Today in pulp... how the East German Stasi waged war on the Commodore 64!
We'll need to take this story one byte at a time. Komm mit mir...
In the 1980s if you wanted a home computer behind the Iron Curtain you had two choices: buy a locally produced clone of a Western one...
...or navigate your way around import controls and try to get a Western one. It was tricky, but it was possible.
And if you were an East German with relatives in West Germany then you could try to bring one back with you if you had permission to travel. Many did, and one computer in particular proved very popular...
The Commodore 64 was robust, popular and widely available in West Germany. Although you needed a special Commodore tape recorder you could still plug it into any TV. It became the Western micro of choice for the lucky few in East Germany who could get one.
Plus you could type in your own games from listings in Hobby Computer, West Germany's favourite computer magazine.
But some East German users wanted something more...
Games! East Germany didn't recognise Western copyright laws, so copying home computer games wasn't illegal. At computer clubs across East Germany there was a booming trade in bootleg tapes between avid gamers.
Which, of course, worried the Stasi. You might think they'd be more concerned about citizens using home computers to publish samizdat magazines. Instead they fretted that Western computer games were undermining communist youth.
The Stasi began to infiltrate and report on the games being played at East German computer clubs, and soon had their own prescribed list of suspect titles: possession of one of them could mark you out as a dissident or a malcontent.
Blue Max, a 1983 WWI fighter game, was on the list because of its warlike nature and emphasis on shooting and bombing opponents.
Rambo 2 from 1985 was certainly on the Stasi worry list: a violent game where a US imperialist shoots dead as many loyal communist allies as possible.
But top of the Stasi worry list was was 1984's Raid Over Moscow. Anyone playing it was immediately suspect: who in their right mind would fantasize about attacking the great patriotic motherland?

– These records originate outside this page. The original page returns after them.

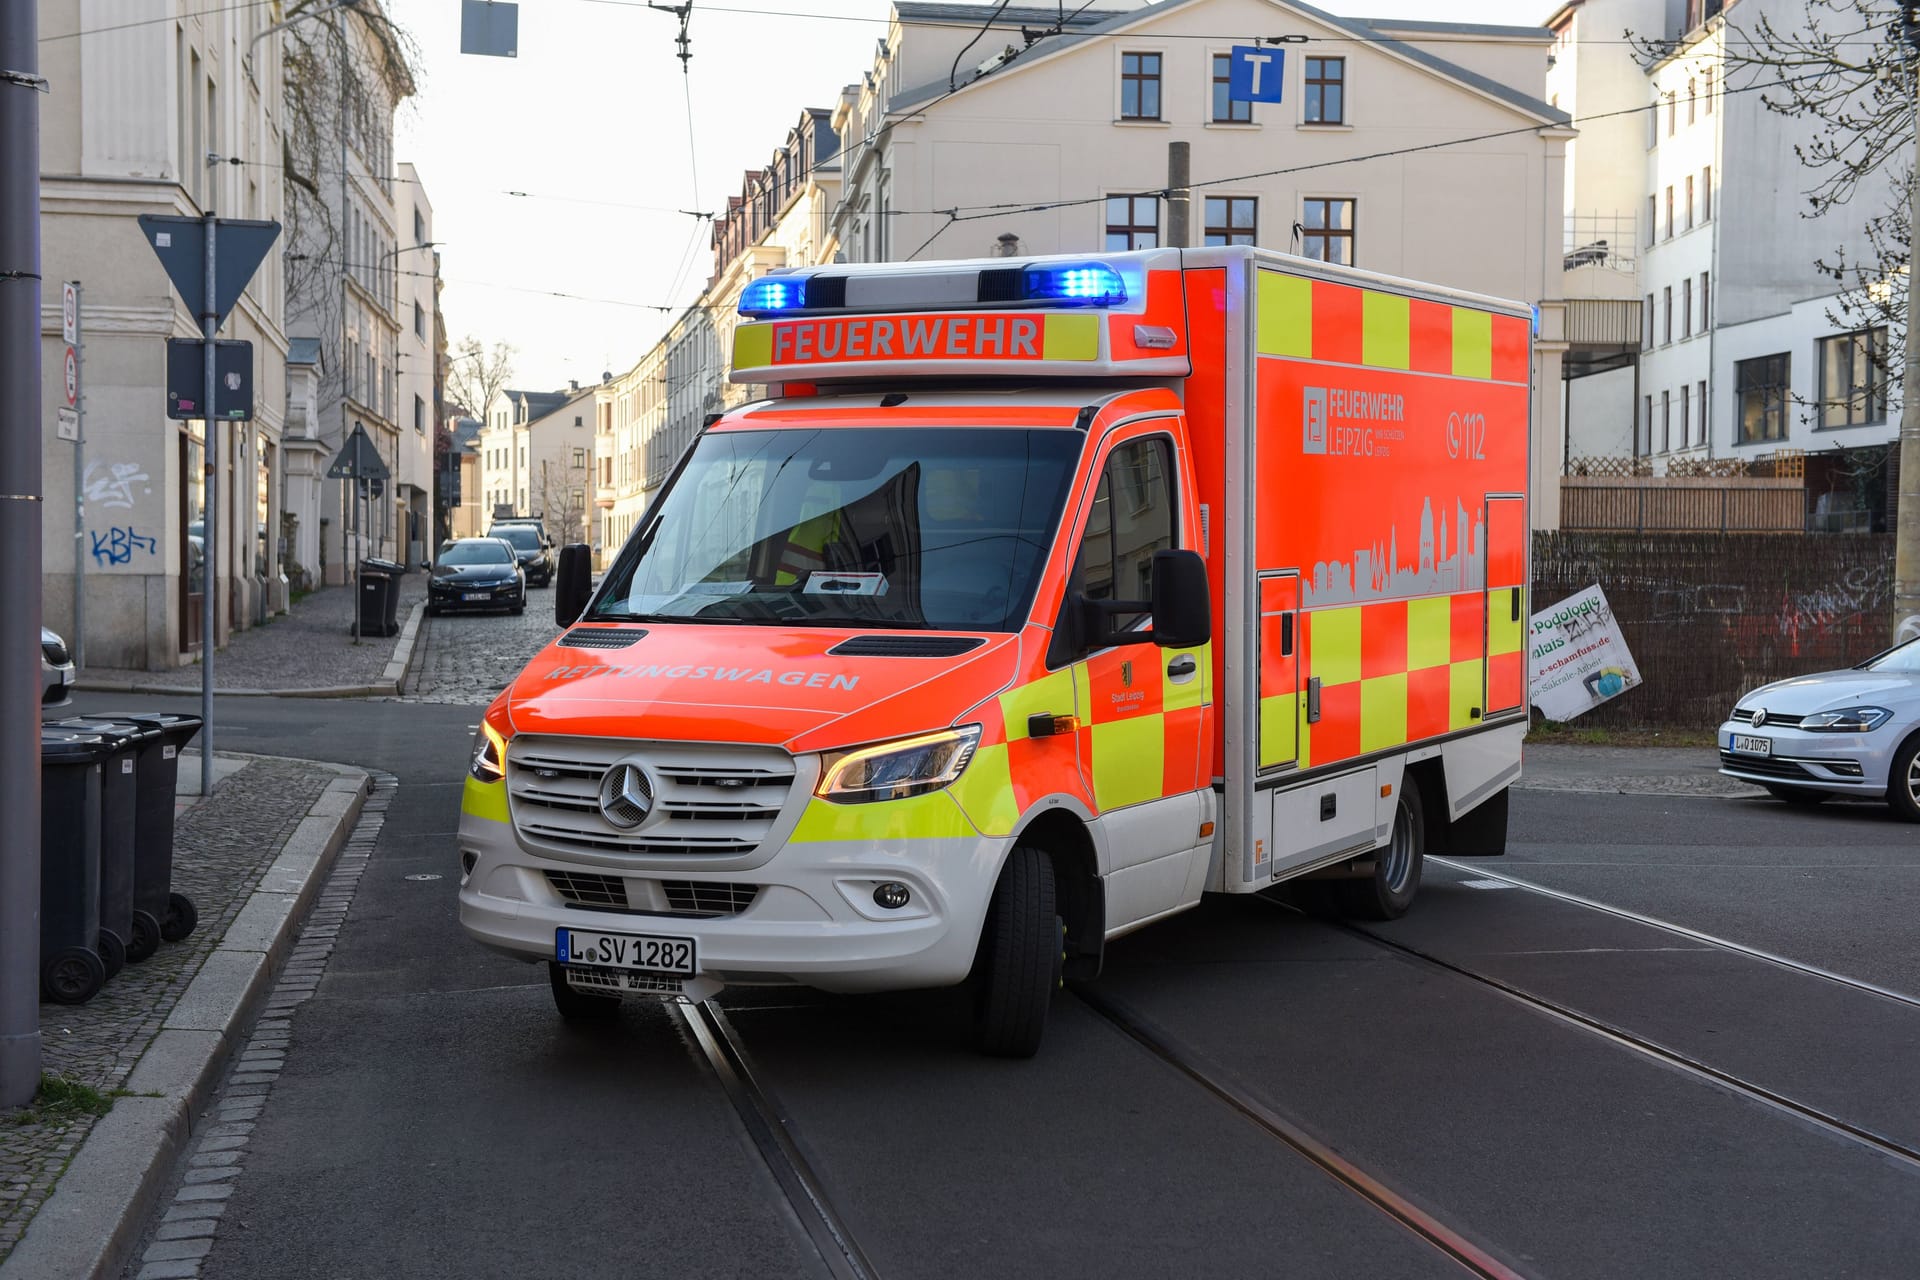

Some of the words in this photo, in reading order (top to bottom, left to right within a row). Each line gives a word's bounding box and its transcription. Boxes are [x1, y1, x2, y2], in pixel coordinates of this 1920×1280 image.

[1243, 53, 1272, 95] T
[774, 317, 1038, 362] FEUERWEHR
[1329, 387, 1405, 422] FEUERWEHR
[1329, 426, 1373, 457] LEIPZIG
[1463, 412, 1486, 460] 112
[1534, 596, 1600, 634] Podologie
[543, 664, 860, 692] RETTUNGSWAGEN
[1750, 738, 1768, 752] 1075
[570, 934, 584, 960] L
[599, 937, 626, 963] SV
[632, 940, 689, 969] 1282
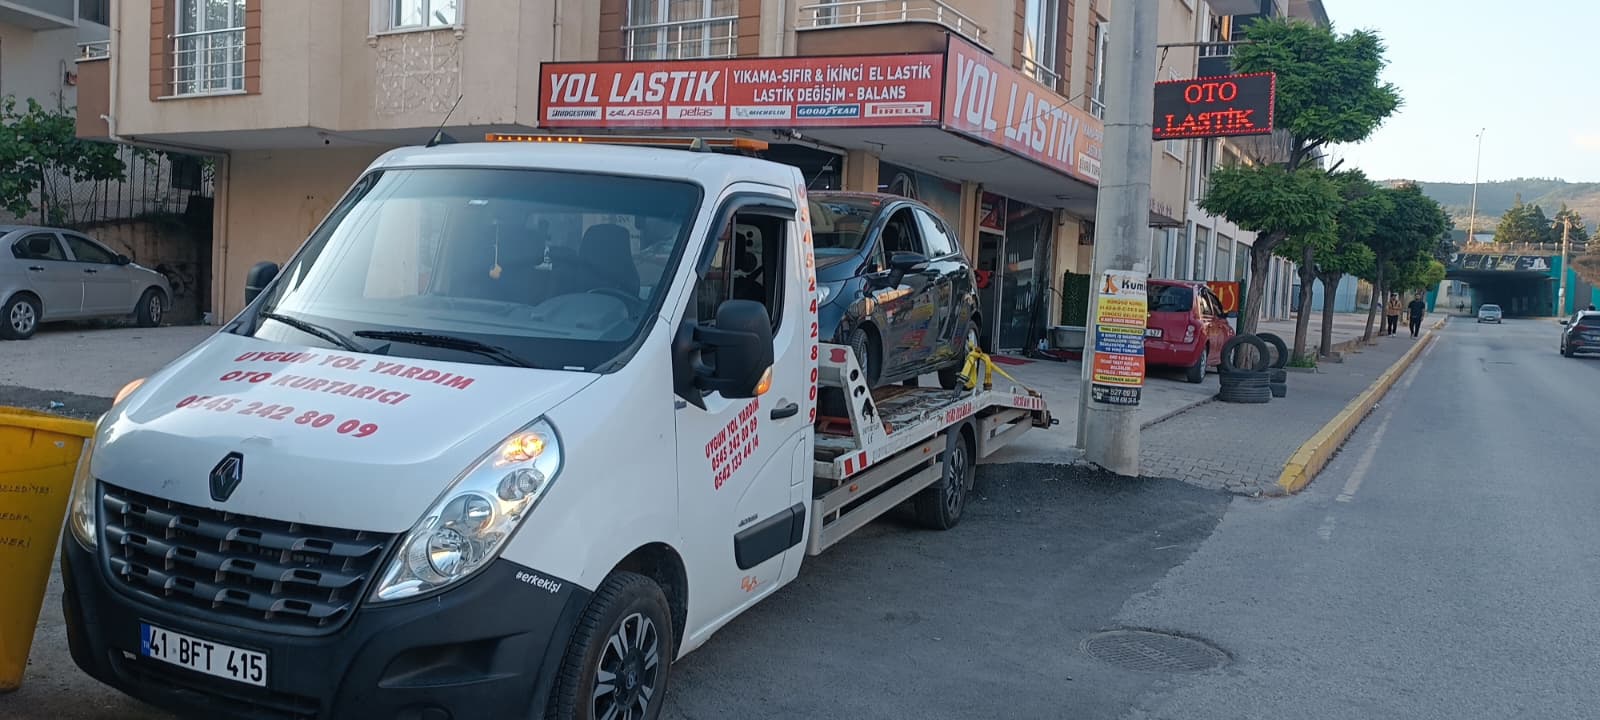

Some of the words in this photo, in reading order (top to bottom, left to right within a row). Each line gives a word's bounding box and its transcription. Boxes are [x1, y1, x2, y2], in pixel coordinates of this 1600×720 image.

[549, 72, 600, 103] YOL
[733, 67, 812, 84] YIKAMA-SIFIR
[815, 68, 825, 82] &
[826, 63, 863, 81] İKİNCİ
[869, 67, 884, 80] EL
[886, 62, 932, 80] LASTİK
[753, 86, 795, 102] LASTİK
[797, 83, 845, 103] DEĞİŞİM
[857, 86, 906, 101] BALANS
[953, 52, 999, 133] YOL
[1184, 81, 1237, 104] OTO
[552, 109, 598, 118] BRIDGESTONE
[749, 109, 786, 117] MICHELIN
[798, 105, 857, 116] GOODYEAR
[871, 103, 925, 115] PIRELLI
[234, 352, 317, 364] UYGUN
[318, 354, 367, 370] YOL
[369, 360, 475, 390] YARDIM
[219, 370, 272, 384] OTO
[270, 375, 411, 405] KURTARICI
[175, 395, 241, 411] 0545
[237, 401, 295, 421] 242
[294, 410, 336, 428] 80
[336, 419, 378, 438] 09
[705, 429, 726, 459] UYGUN
[727, 417, 738, 434] YOL
[739, 397, 760, 426] YARDIM
[712, 447, 728, 472] 0545
[729, 433, 741, 454] 242
[742, 425, 749, 441] 80
[749, 417, 758, 432] 09
[714, 465, 731, 490] 0542
[731, 452, 742, 474] 133
[515, 571, 562, 593] #erkekişi
[150, 626, 167, 658] 41
[179, 637, 214, 671] BFT
[226, 650, 263, 682] 415
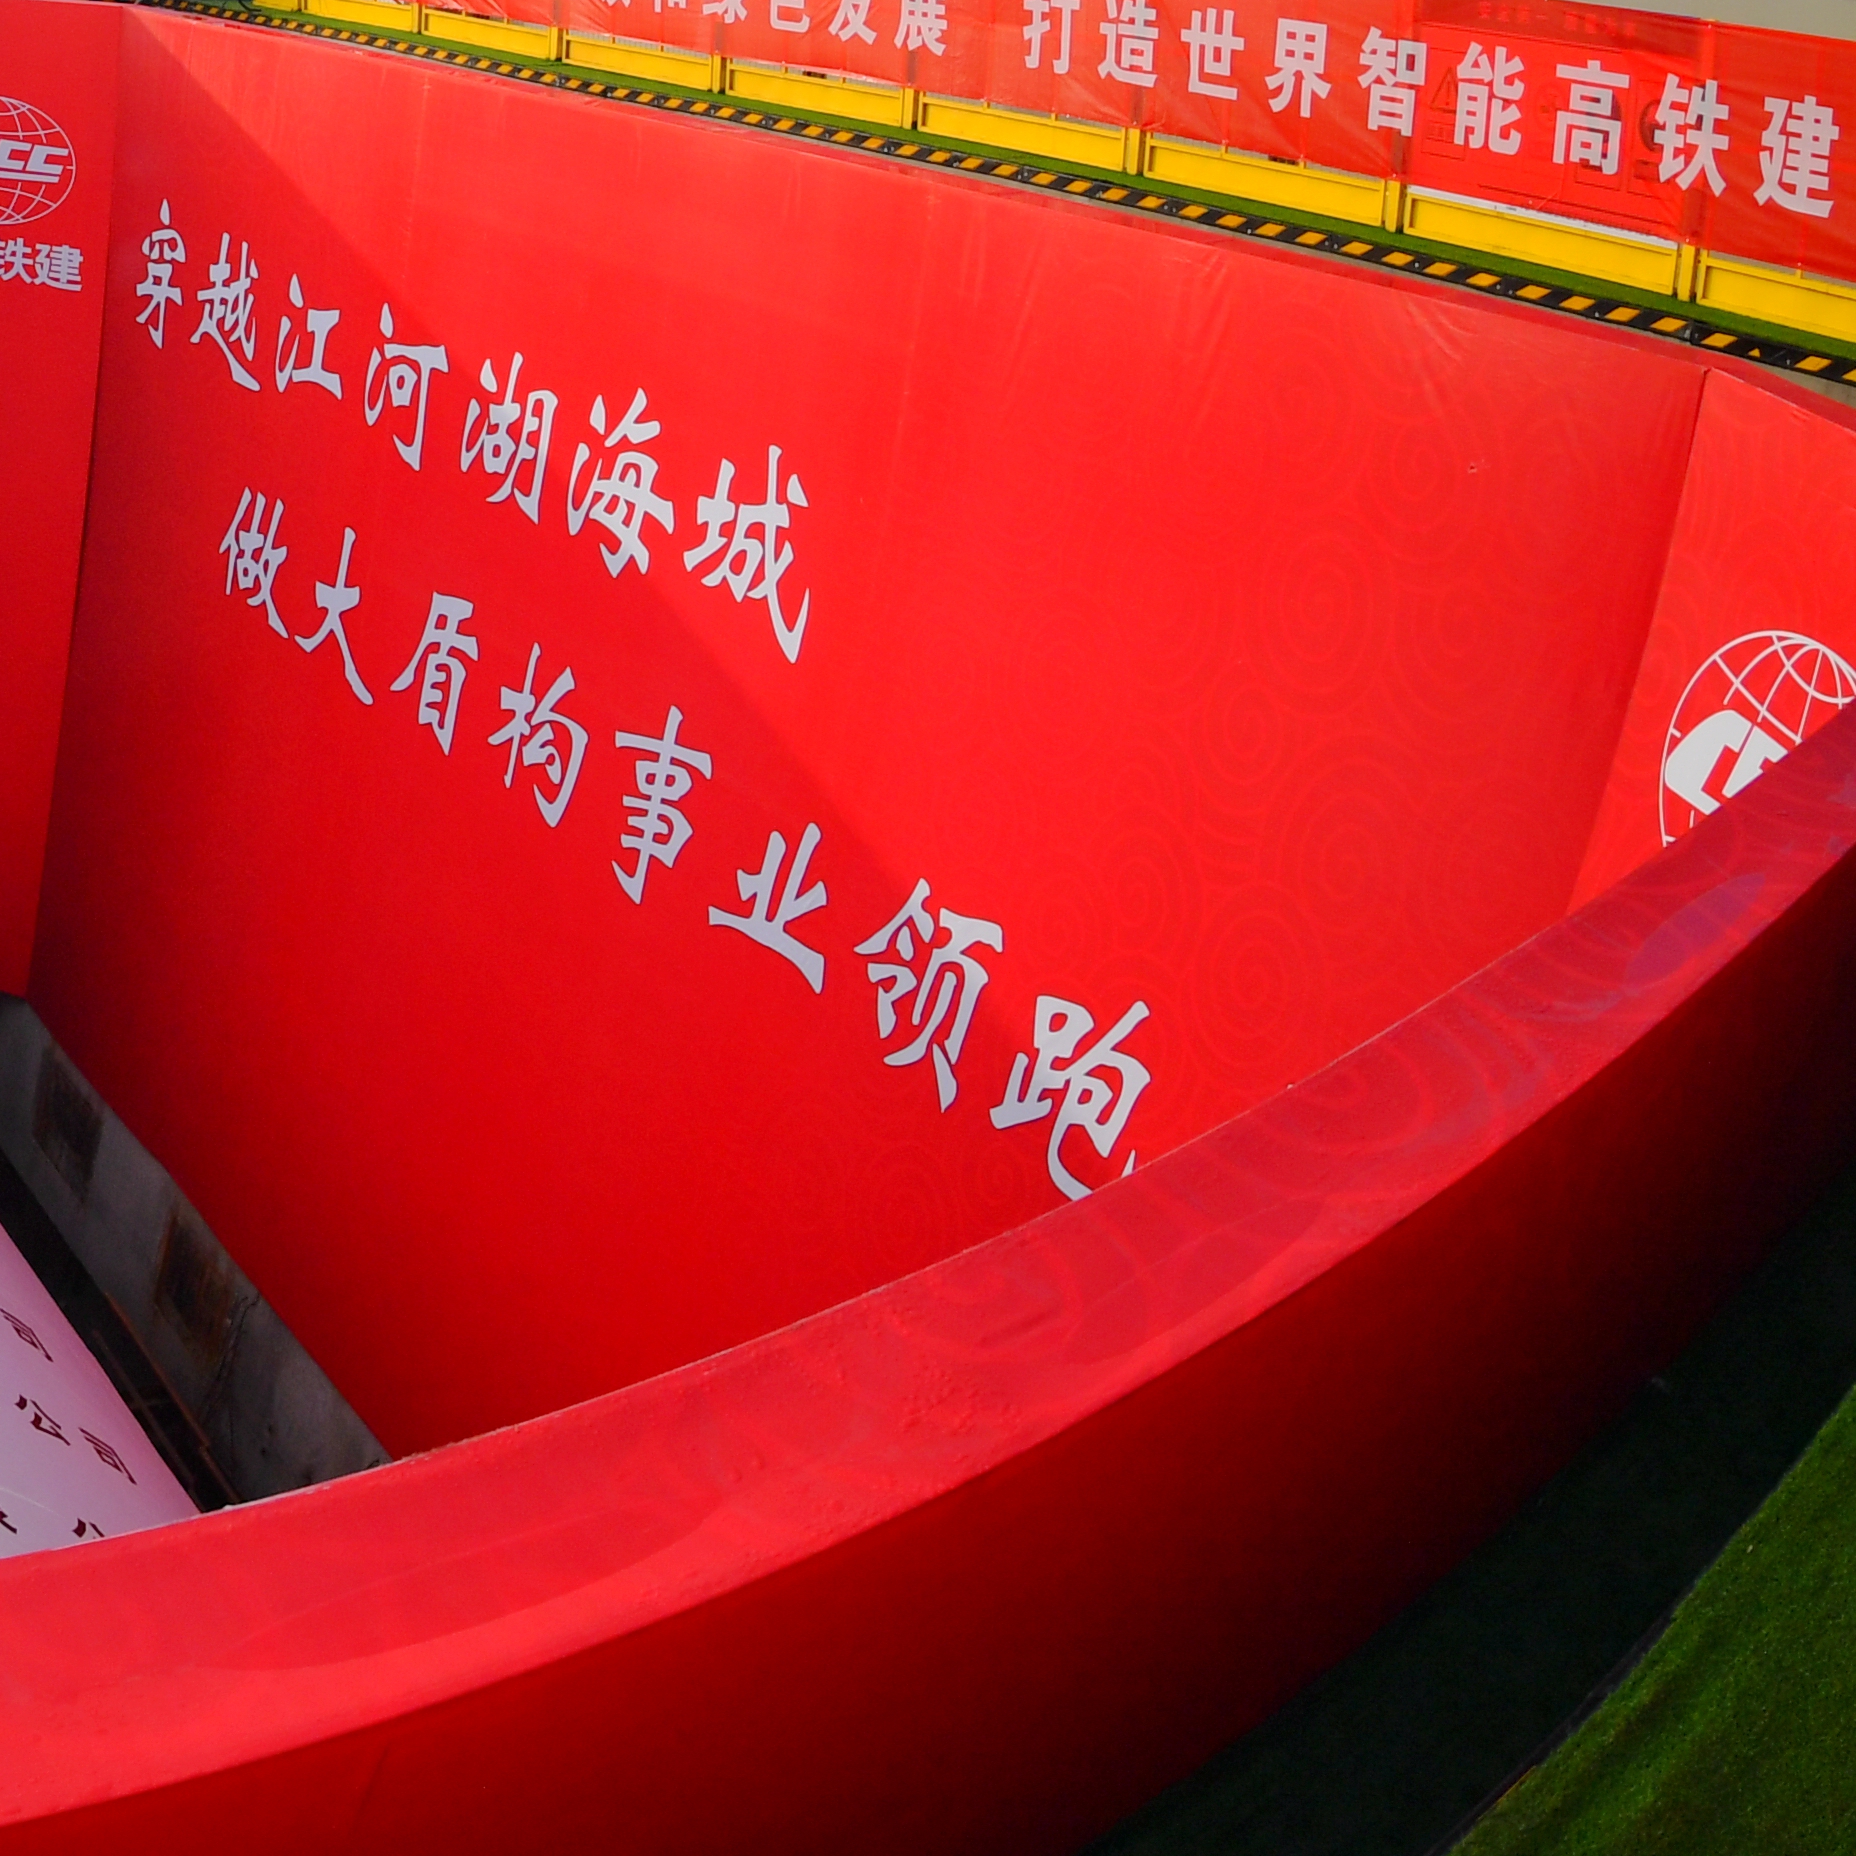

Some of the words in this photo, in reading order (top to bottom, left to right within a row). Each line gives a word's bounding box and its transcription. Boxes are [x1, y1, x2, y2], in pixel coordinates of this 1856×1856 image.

[135, 198, 811, 663] 穿越江河湖海城
[218, 486, 1150, 1202] 做大盾构事业领跑
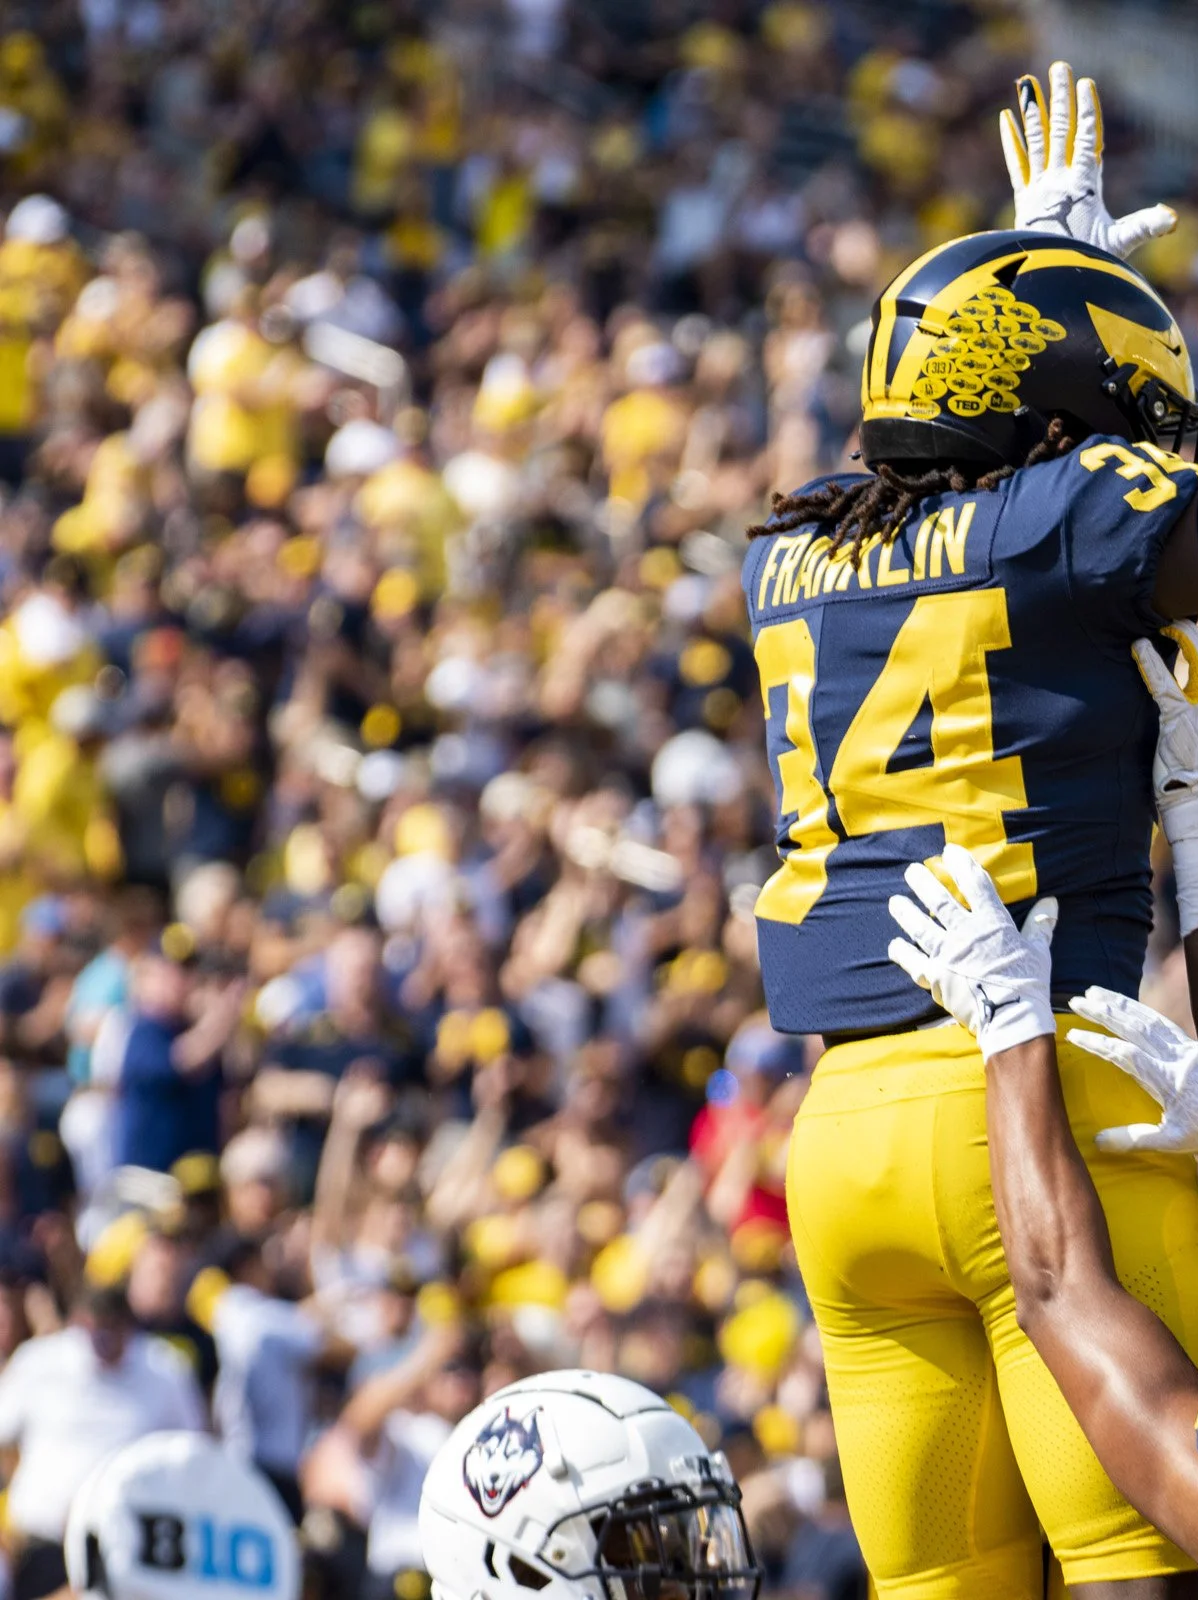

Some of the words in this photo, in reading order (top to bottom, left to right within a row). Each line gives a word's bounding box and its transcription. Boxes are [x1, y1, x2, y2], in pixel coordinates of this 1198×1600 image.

[954, 399, 980, 411] TED
[758, 502, 977, 610] FRANKLIN
[753, 588, 1037, 924] 34

The Stasi view of East German gamers was withering: they called themselves "freaks", they clearly had a negative attitude and "this could cause serious problems.” Commodore 64 users were warmongers!
But the East German gamers had the last laugh: they simply put up signs in their computer clubs saying no violent military games were allowed. Make love, not war, with the Commodore 64!
More hidden history another time...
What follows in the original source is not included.